* **What is expected**: Exactly reproduce all the records, keeping pictures out of the copy.

Entries taken from a collection

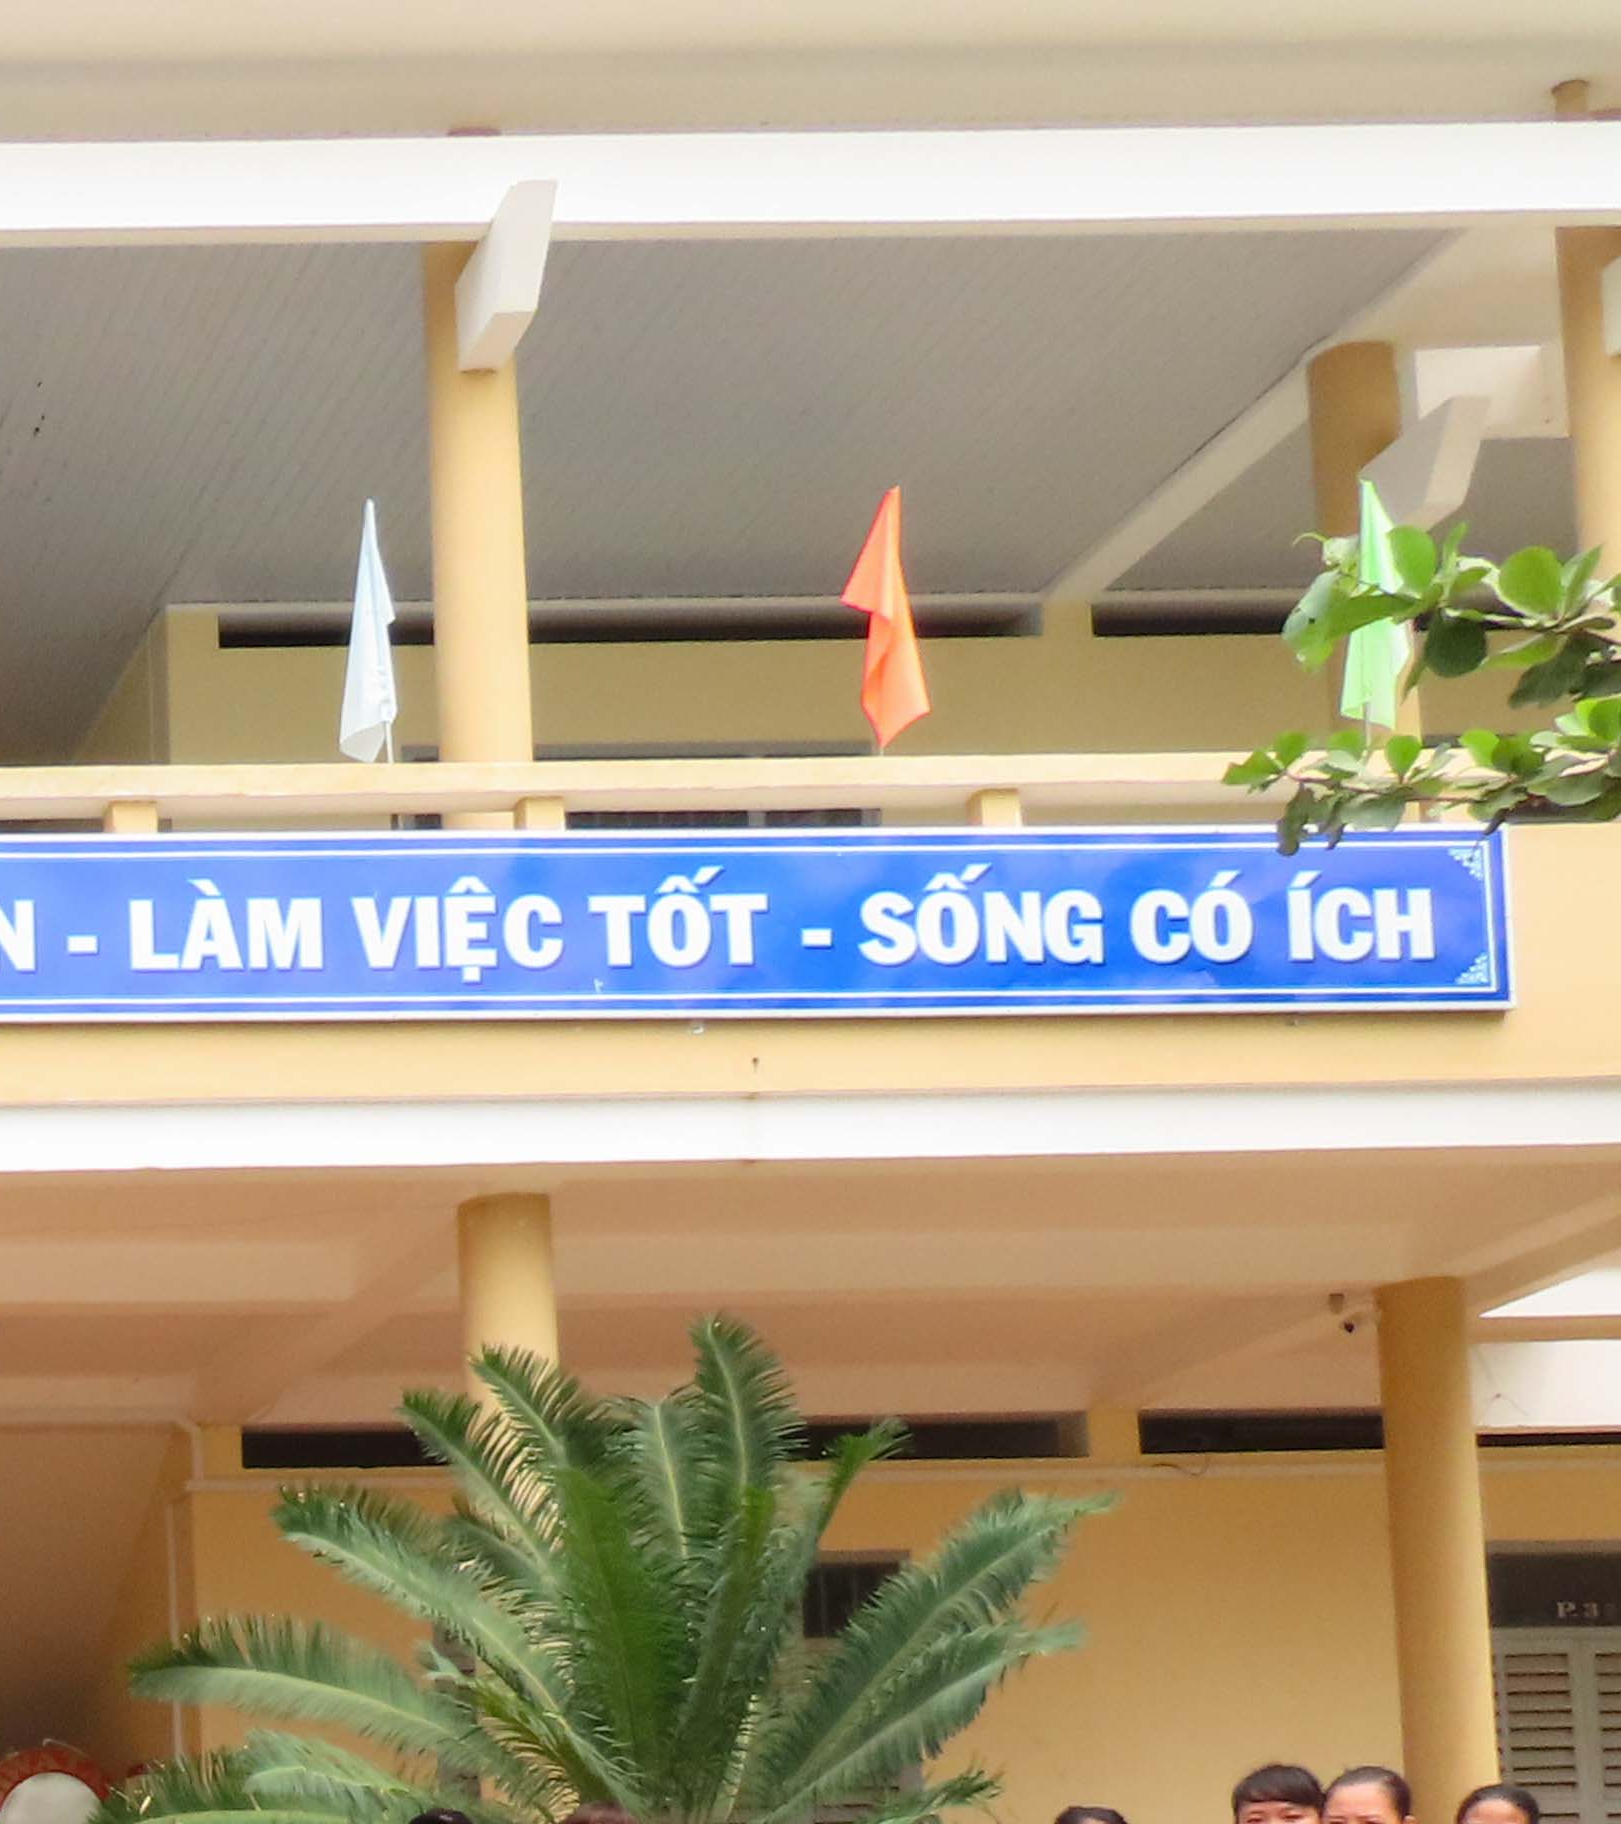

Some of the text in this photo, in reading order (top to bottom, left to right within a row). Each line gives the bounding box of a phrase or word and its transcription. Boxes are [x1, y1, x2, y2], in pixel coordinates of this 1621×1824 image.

[67, 935, 99, 955] -
[129, 878, 324, 971] LÀM
[352, 875, 564, 984] VIỆC
[588, 865, 769, 967] TỐT
[801, 928, 833, 948] -
[858, 864, 1105, 965] SỐNG
[1131, 871, 1254, 964] CÓ
[1287, 871, 1436, 962] ÍCH
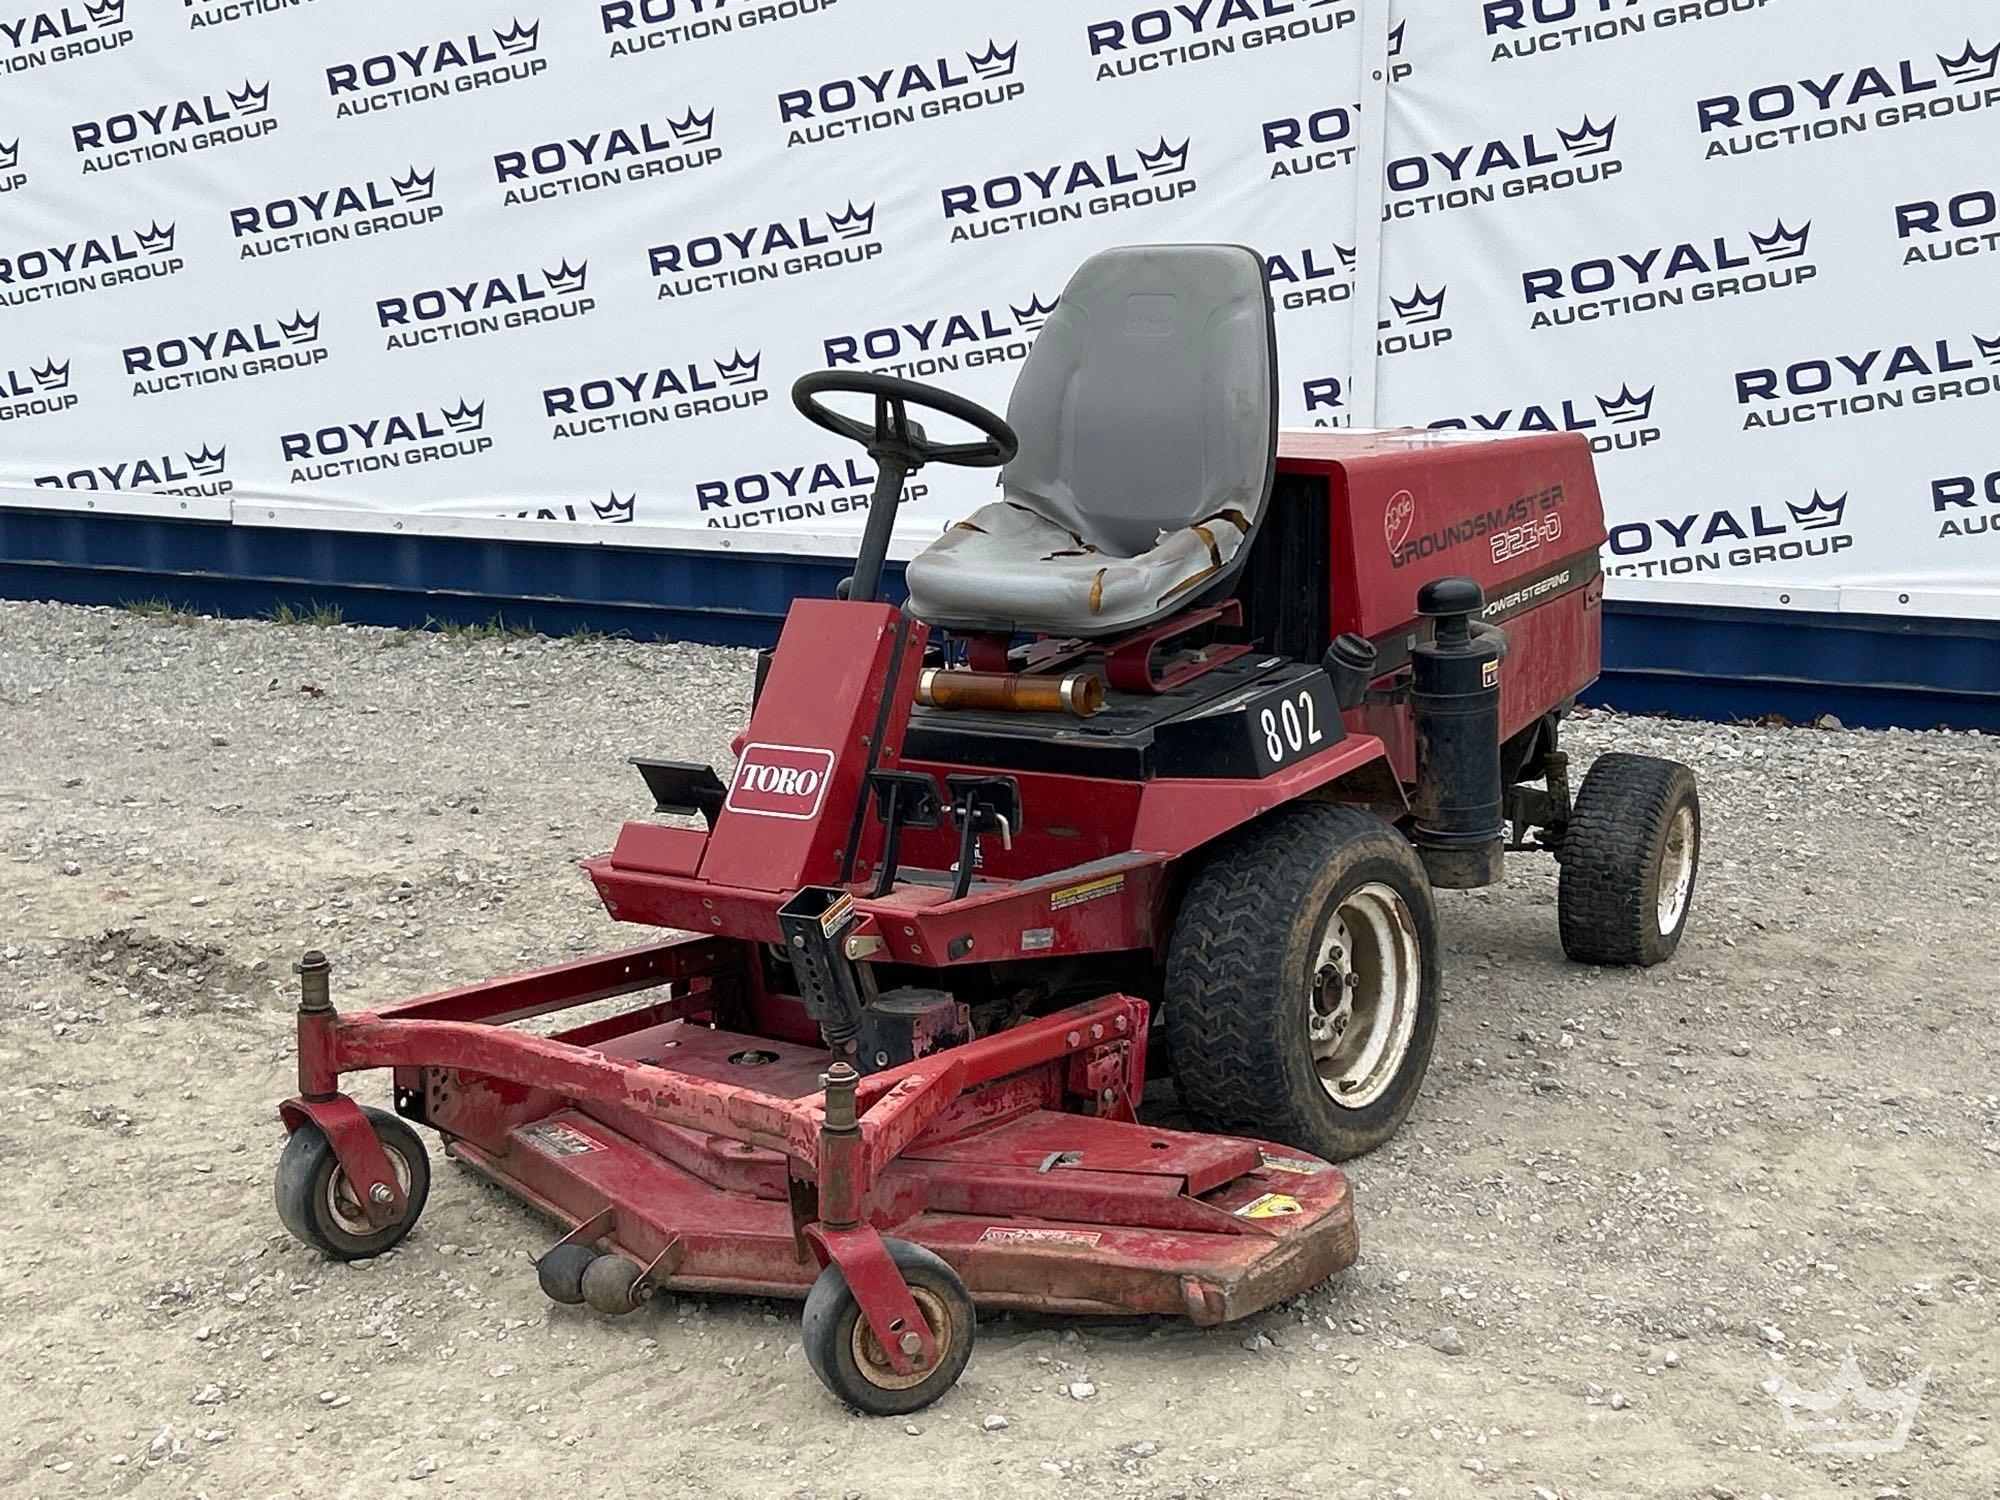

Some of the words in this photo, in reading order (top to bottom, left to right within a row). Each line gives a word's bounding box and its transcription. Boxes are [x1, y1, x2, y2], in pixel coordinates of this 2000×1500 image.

[51, 30, 133, 62] GROUP
[610, 16, 732, 58] AUCTION
[1087, 0, 1294, 56] ROYAL
[1096, 36, 1234, 81] AUCTION
[1242, 10, 1355, 49] GROUP
[1491, 14, 1645, 62] AUCTION
[326, 35, 496, 95] ROYAL
[337, 80, 449, 118] AUCTION
[455, 59, 546, 92] GROUP
[778, 58, 968, 123] ROYAL
[788, 106, 914, 147] AUCTION
[921, 82, 1024, 118] GROUP
[1697, 60, 1937, 133] ROYAL
[72, 96, 230, 152] ROYAL
[83, 138, 187, 174] AUCTION
[192, 119, 277, 149] GROUP
[1262, 103, 1361, 153] RO
[1705, 113, 1866, 160] AUCTION
[494, 124, 670, 183] ROYAL
[504, 169, 621, 206] AUCTION
[627, 148, 722, 180] GROUP
[1503, 160, 1622, 198] GROUP
[230, 182, 394, 237] ROYAL
[941, 155, 1138, 218] ROYAL
[951, 202, 1082, 243] AUCTION
[1089, 180, 1196, 215] GROUP
[241, 224, 349, 259] AUCTION
[355, 206, 443, 236] GROUP
[648, 218, 828, 276] ROYAL
[101, 259, 183, 287] GROUP
[658, 263, 778, 300] AUCTION
[784, 242, 882, 275] GROUP
[1283, 282, 1356, 309] GRO
[1523, 237, 1749, 303] ROYAL
[376, 274, 545, 328] ROYAL
[1531, 288, 1683, 329] AUCTION
[1692, 265, 1816, 301] GROUP
[123, 324, 280, 374] ROYAL
[387, 316, 499, 350] AUCTION
[504, 299, 595, 328] GROUP
[824, 310, 1012, 367] ROYAL
[133, 365, 238, 396] AUCTION
[243, 348, 328, 376] GROUP
[965, 343, 1033, 367] GRO
[1735, 340, 1973, 404] ROYAL
[0, 394, 78, 420] GROUP
[543, 364, 716, 417] ROYAL
[553, 407, 669, 439] AUCTION
[675, 389, 768, 418] GROUP
[1743, 390, 1903, 430] AUCTION
[280, 412, 444, 461] ROYAL
[291, 453, 400, 483] AUCTION
[405, 437, 492, 464] GROUP
[696, 459, 874, 511] ROYAL
[1729, 535, 1852, 566] GROUP
[1481, 591, 1521, 619] POWER
[1521, 570, 1569, 602] STEERING
[1261, 691, 1322, 762] 802
[741, 764, 818, 796] TORO

* **Written reply**:
Some of the text in this photo, in reading order (top to bottom, left to right within a row). Each line gives the bounding box of a phrase or word and its transcription. Boxes are [x1, y1, x2, y2], in pixel coordinates of this 1621×1824 image.

[67, 935, 99, 955] -
[129, 878, 324, 971] LÀM
[352, 875, 564, 984] VIỆC
[588, 865, 769, 967] TỐT
[801, 928, 833, 948] -
[858, 864, 1105, 965] SỐNG
[1131, 871, 1254, 964] CÓ
[1287, 871, 1436, 962] ÍCH

Some of the words in this photo, in reading order (top to bottom, left to right within a row). Each line gives a word's bounding box and its transcription. Boxes are [x1, y1, x2, y2], in pixel coordinates of this 2000×1500 image.

[51, 30, 133, 62] GROUP
[610, 16, 732, 58] AUCTION
[1087, 0, 1294, 56] ROYAL
[1096, 36, 1234, 81] AUCTION
[1242, 10, 1355, 49] GROUP
[1491, 14, 1645, 62] AUCTION
[326, 35, 496, 95] ROYAL
[337, 80, 449, 118] AUCTION
[455, 59, 546, 92] GROUP
[778, 58, 968, 123] ROYAL
[788, 106, 914, 147] AUCTION
[921, 82, 1024, 118] GROUP
[1697, 60, 1937, 133] ROYAL
[72, 96, 230, 152] ROYAL
[83, 138, 187, 174] AUCTION
[192, 119, 277, 149] GROUP
[1262, 103, 1361, 153] RO
[1705, 113, 1866, 160] AUCTION
[494, 124, 670, 183] ROYAL
[504, 169, 621, 206] AUCTION
[627, 148, 722, 180] GROUP
[1503, 160, 1622, 198] GROUP
[230, 182, 394, 237] ROYAL
[941, 155, 1138, 218] ROYAL
[951, 202, 1082, 243] AUCTION
[1089, 180, 1196, 215] GROUP
[241, 224, 349, 259] AUCTION
[355, 206, 443, 236] GROUP
[648, 218, 828, 276] ROYAL
[101, 259, 183, 287] GROUP
[658, 263, 778, 300] AUCTION
[784, 242, 882, 275] GROUP
[1283, 282, 1356, 309] GRO
[1523, 237, 1749, 303] ROYAL
[376, 274, 545, 328] ROYAL
[1531, 288, 1683, 329] AUCTION
[1692, 265, 1816, 301] GROUP
[123, 324, 280, 374] ROYAL
[387, 316, 499, 350] AUCTION
[504, 299, 595, 328] GROUP
[824, 310, 1012, 367] ROYAL
[133, 365, 238, 396] AUCTION
[243, 348, 328, 376] GROUP
[965, 343, 1033, 367] GRO
[1735, 340, 1973, 404] ROYAL
[0, 394, 78, 420] GROUP
[543, 364, 716, 417] ROYAL
[553, 407, 669, 439] AUCTION
[675, 389, 768, 418] GROUP
[1743, 390, 1903, 430] AUCTION
[280, 412, 444, 461] ROYAL
[291, 453, 400, 483] AUCTION
[405, 437, 492, 464] GROUP
[696, 459, 874, 511] ROYAL
[1729, 535, 1852, 566] GROUP
[1481, 591, 1521, 619] POWER
[1521, 570, 1569, 602] STEERING
[1261, 691, 1322, 762] 802
[741, 764, 818, 796] TORO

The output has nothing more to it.